What losses occur when making and feeding grass silage?

The total losses that occur in silage arise from a number of sources – the relative importance of which depends on the crop dry matter (DM)

In wet crops, effluent losses are important. Invisible losses also occur during the fermentation process itself, although the more efficient the fermentation, the lower these losses will be. With higher %DM crops, risks from aerobic spoilage (heating) increase, due to difficulties consolidating drier material in the clamp, and these losses can be very high, particularly at feed-out.

Even in a very well-made silage, typical DM losses will be between 8 - 10%, or possibly more. But if attention to detail slips, losses could easily be over 30%, while silage that has undergone significant aerobic deterioration can result in total losses above 50%. As much of these losses are in the form of carbon dioxide, they are often not noticed.

Examples of possible dry matter losses in silage

Examples of losses at different percentage (%) dry matters (well-managed system)

In Germany, Honig was able to relate dry matter losses to temperature increase for crops of different %DMs. He found that with a 30% DM crop there was a 0.23% loss in DM per day for every 1°C increase in temperature above ambient.

Based on this, for a 30% DM silage the following losses can be calculated:

DM losses (%) calculated using 0.23% DM loss/day/^oC heating - Honig (1986)

What factors will help achieve a good grass silage fermentation?

• A clean sward – free from contamination from soil, slurry and other contaminants
• Adequate sugar in the crop for the fermentation
• Targeting a DM of 30% will give the best balance to achieve clamp stability and good DM intakes. DMs may be a little higher for young leafy ‘multi-cut’ type crops
• Appropriate chop length – drier, stemmy material requires a shorter chop to achieve a good compaction to remove air and create anaerobic (oxygen-free) conditions
• Rapid clamp filling – ideally clamps should also be sheeted every night (if filling is going to take longer than two days, this is essential)
• Sufficient compaction – the drier the material the more important the rolling and sealing to exclude air
• Application of a proven bacterial additive (inoculant) which applies high numbers of specially-selected, efficient lactic acid-producing bacteria

Does feeding grass silage cause acidosis?

The optimum pH value for the rumen is pH 6.2. If conditions become too acid (i.e. the pH falls too low) the fibre-digesting bacteria and protozoa will start dying off. This results in reduced digestibility and intake, so the cow takes in less nutrients – leading to poor body condition and fertility and other health disorders e.g. laminitis.

To prevent the rumen pH value from altering significantly, the cow produces copious amounts of saliva (150 litres/day). If the cow did not produce saliva, eating silage could (in theory) reduce the pH value to below pH 3.

However, it is not just the pH value of the silage that is important, but also the buffering capacity (Bc). The Bc of a silage is a measure of how much saliva the cow will need to produce to maintain the rumen at pH 6.2 if it eats that silage. Bc is only partly dependent on pH value as a lot of other compounds contribute to the total Bc – e.g. proteins. 
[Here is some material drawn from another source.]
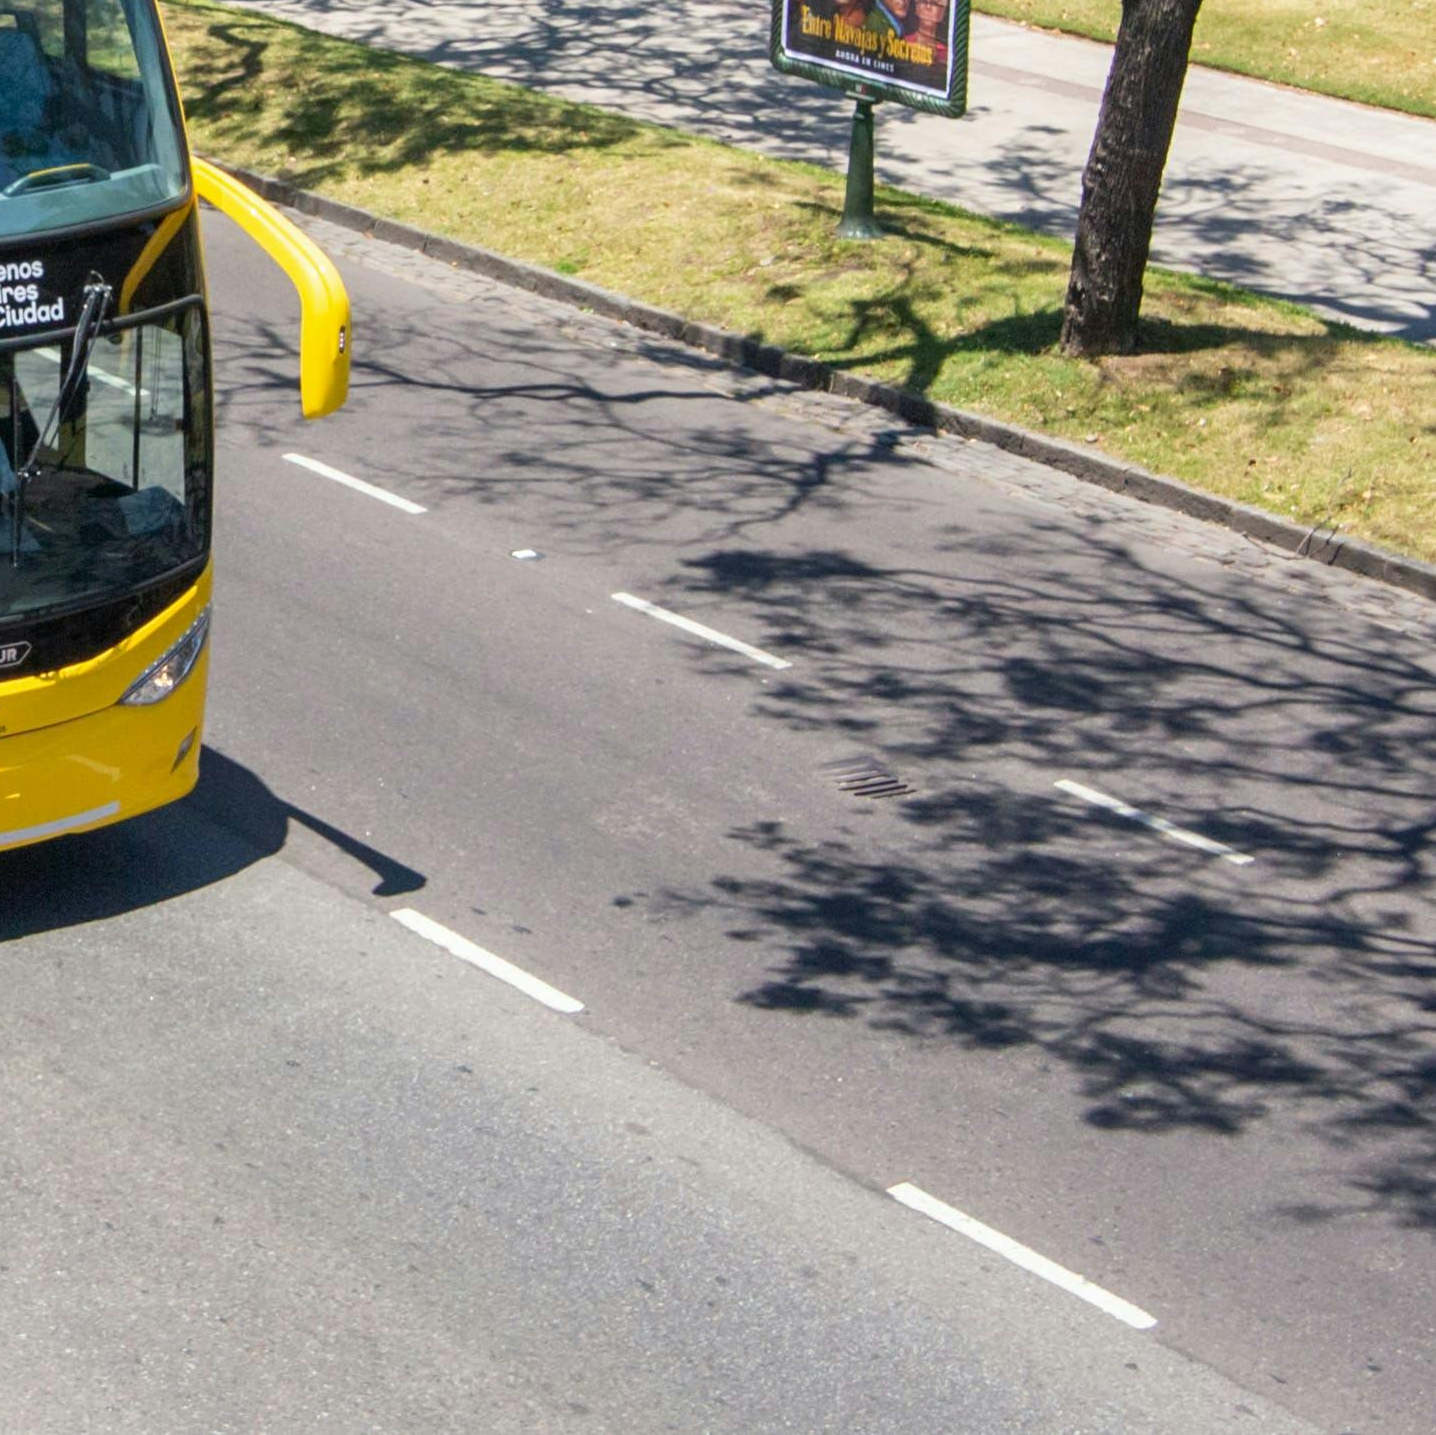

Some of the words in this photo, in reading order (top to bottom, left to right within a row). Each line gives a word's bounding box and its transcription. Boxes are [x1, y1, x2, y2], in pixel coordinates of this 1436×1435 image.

[801, 4, 832, 39] Entre
[833, 13, 878, 56] Navajas
[878, 34, 888, 59] y
It is therefore possible to have two silages with the same pH value but quite different Bc values. Indeed, if two silages have identical pH values, the silage with the higher proportion of lactic acid  to other volatile fatty acids (higher LA:VFA ratio) will usually have a lower Bc and it will be easier for the rumen to maintain the optimum pH value.

Many of the acidosis problems blamed on feeding low pH value silages are in fact the result of feeding the wrong supplements alongside the silage, e.g. a readily-fermentable carbohydrate that will cause rapid acid production in the rumen so making matters worse.

What grass silage characteristics influence intake?

Intake is influenced by many factors including % dry matter (DM), chop length, digestibility and fermentation quality. High %DM, high digestibility and short chop length increase intake.

Many intake predictions are based on fermentation parameters such as pH value, fermentation acids and ammonia but it is well known that such predictions often do not tie in well with animal performance.